[Try it] Having located "Some of the text", write out its line and the remaining lines of the material exactly, the last one included, but not the pictures.

=== Section Start ===

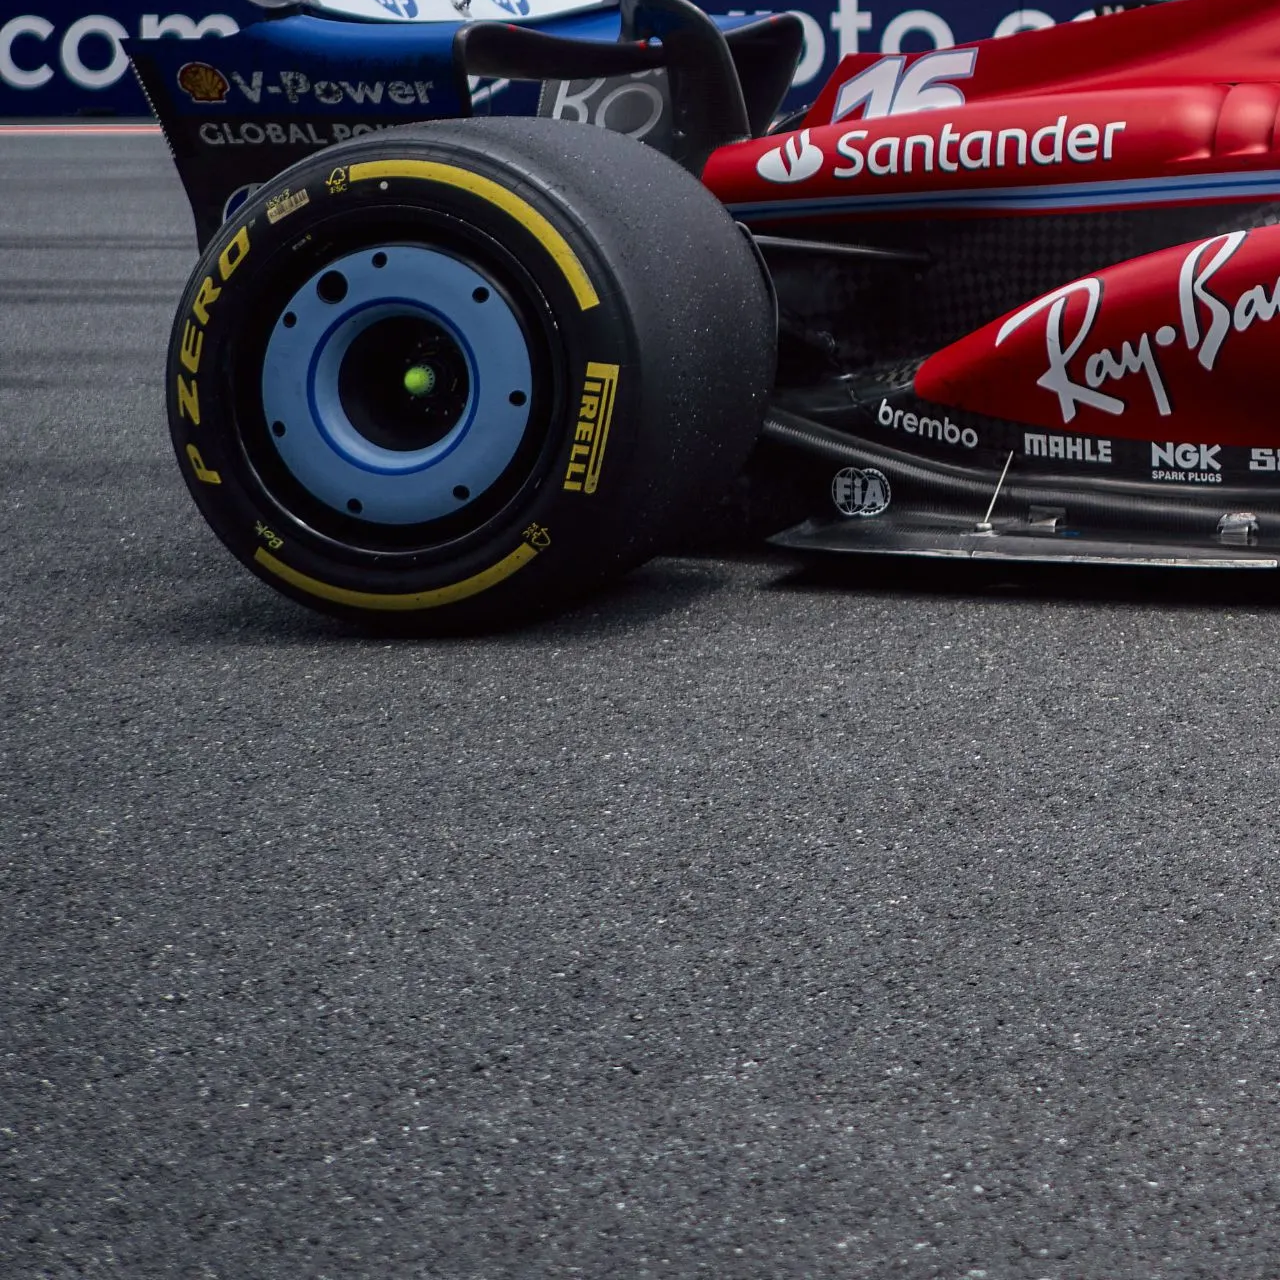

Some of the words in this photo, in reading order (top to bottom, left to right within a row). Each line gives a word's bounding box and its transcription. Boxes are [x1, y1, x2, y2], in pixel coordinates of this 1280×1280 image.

[231, 71, 434, 104] V-Power
[831, 46, 978, 124] 16
[199, 122, 329, 145] GLOBAL
[834, 116, 1126, 178] Santander
[177, 225, 250, 425] ZERO
[564, 362, 620, 494] PIRELLI
[877, 398, 979, 449] brembo
[186, 443, 222, 485] P
[1025, 433, 1112, 463] MAHLE
[1151, 442, 1222, 471] NGK
[1151, 470, 1185, 481] SPARK
[1188, 471, 1222, 483] PLUGS
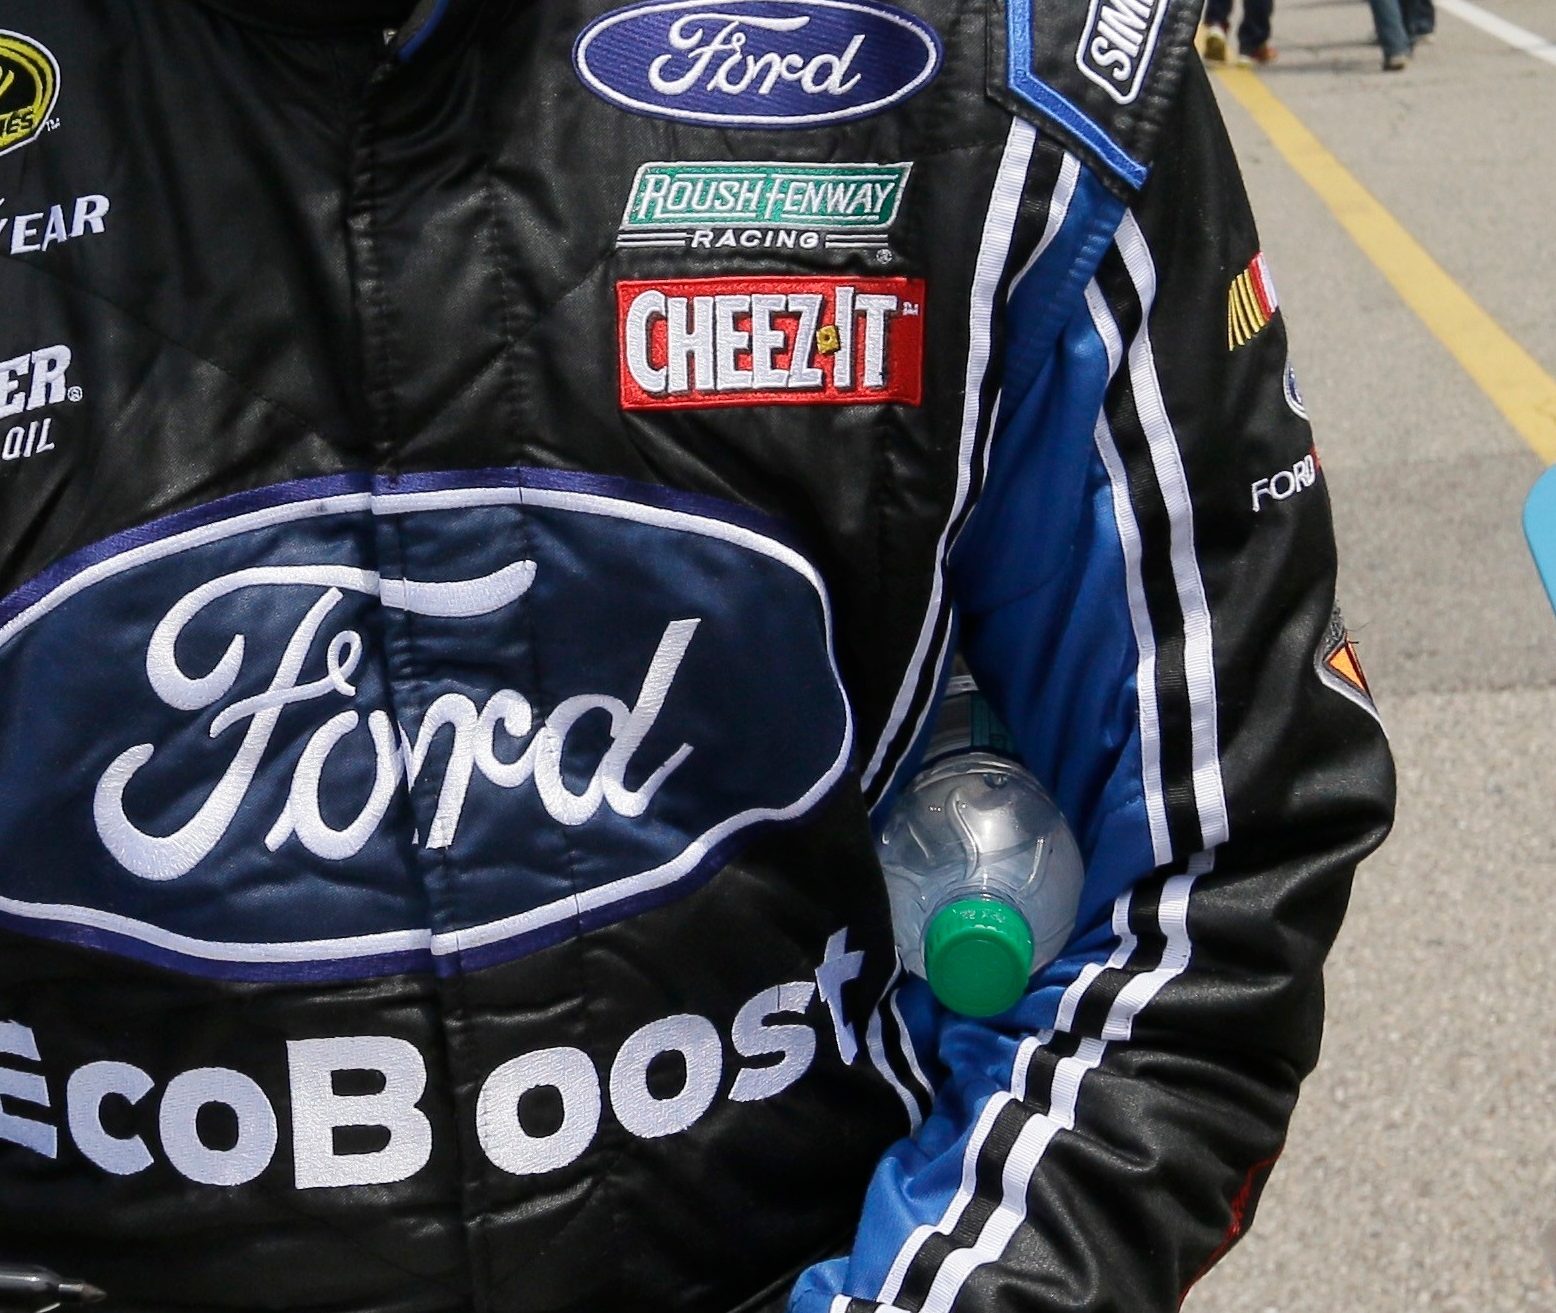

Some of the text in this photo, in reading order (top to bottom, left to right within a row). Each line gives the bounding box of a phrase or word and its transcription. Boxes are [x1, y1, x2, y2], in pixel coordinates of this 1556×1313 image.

[648, 12, 866, 96] Ford
[637, 173, 899, 221] ROUSH FENWAY
[691, 229, 820, 249] RACING
[1, 417, 55, 461] OIL
[93, 557, 702, 881] Ford
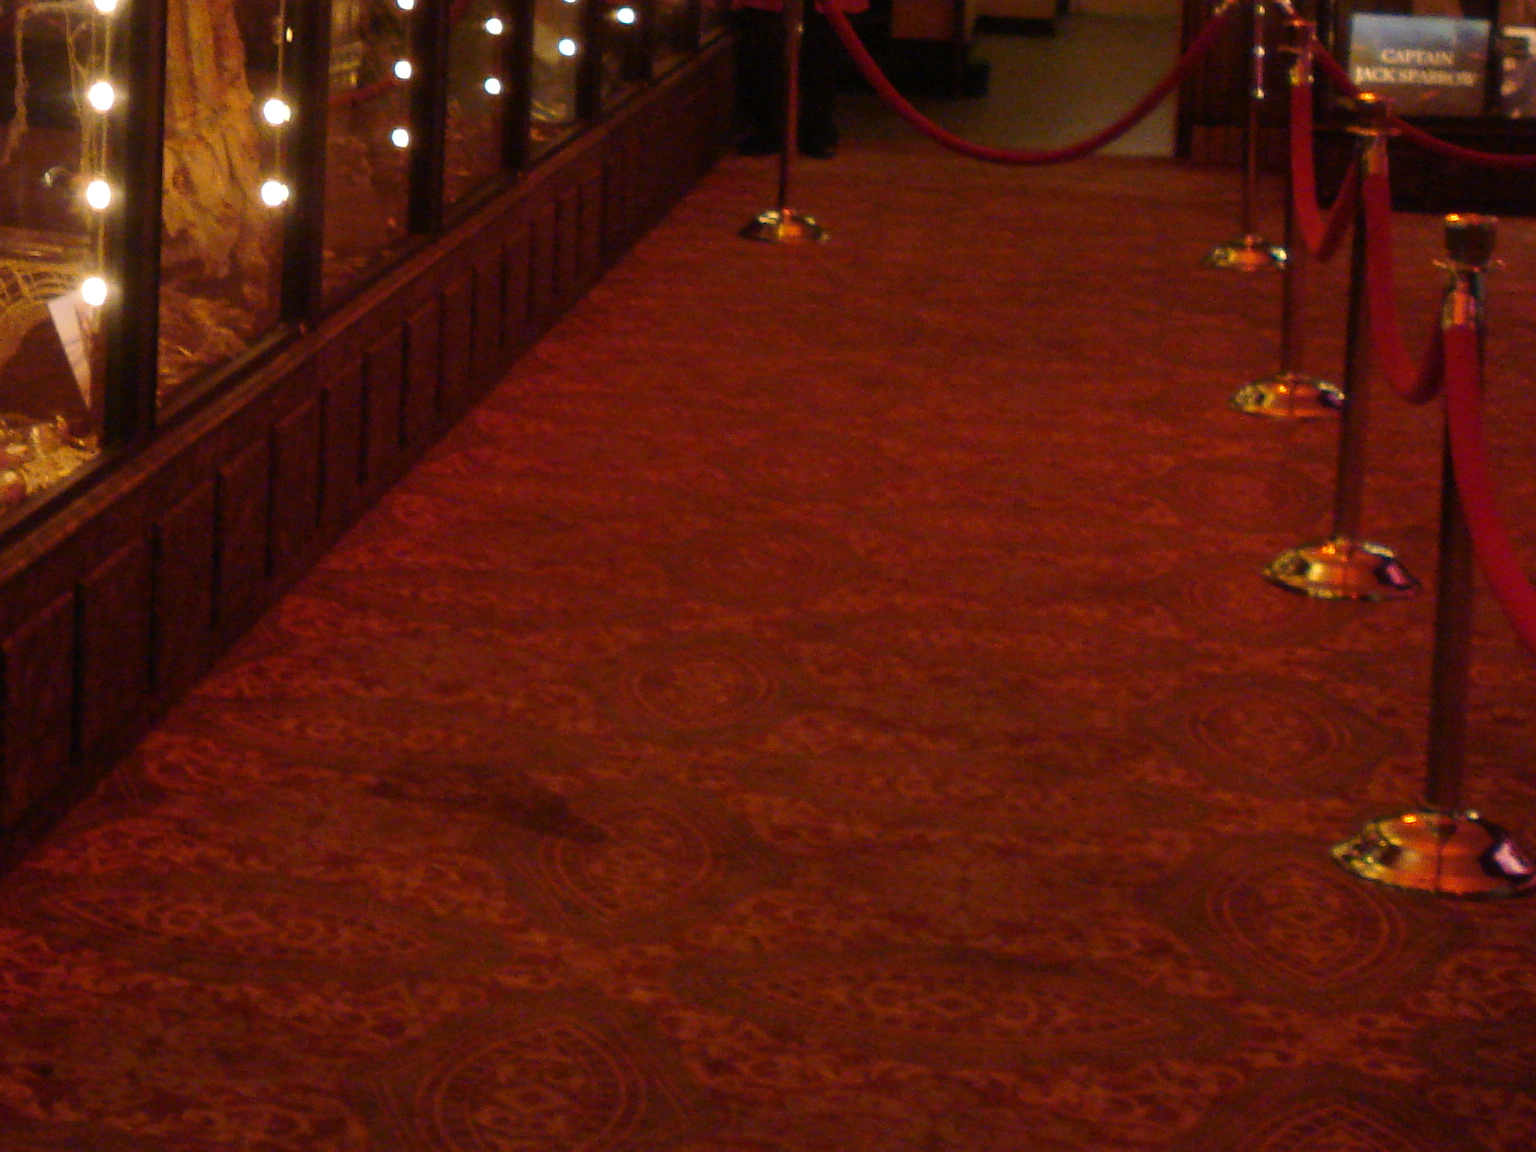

=== Section End ===

[Task output]
Some of the text in this photo, in reading order (top to bottom, left to right within a row). Each line gives the bounding box of a phrase or word and its transcription. Boxes are [x1, y1, x2, y2], in pixel coordinates of this 1556×1313 image.

[648, 12, 866, 96] Ford
[637, 173, 899, 221] ROUSH FENWAY
[691, 229, 820, 249] RACING
[1, 417, 55, 461] OIL
[93, 557, 702, 881] Ford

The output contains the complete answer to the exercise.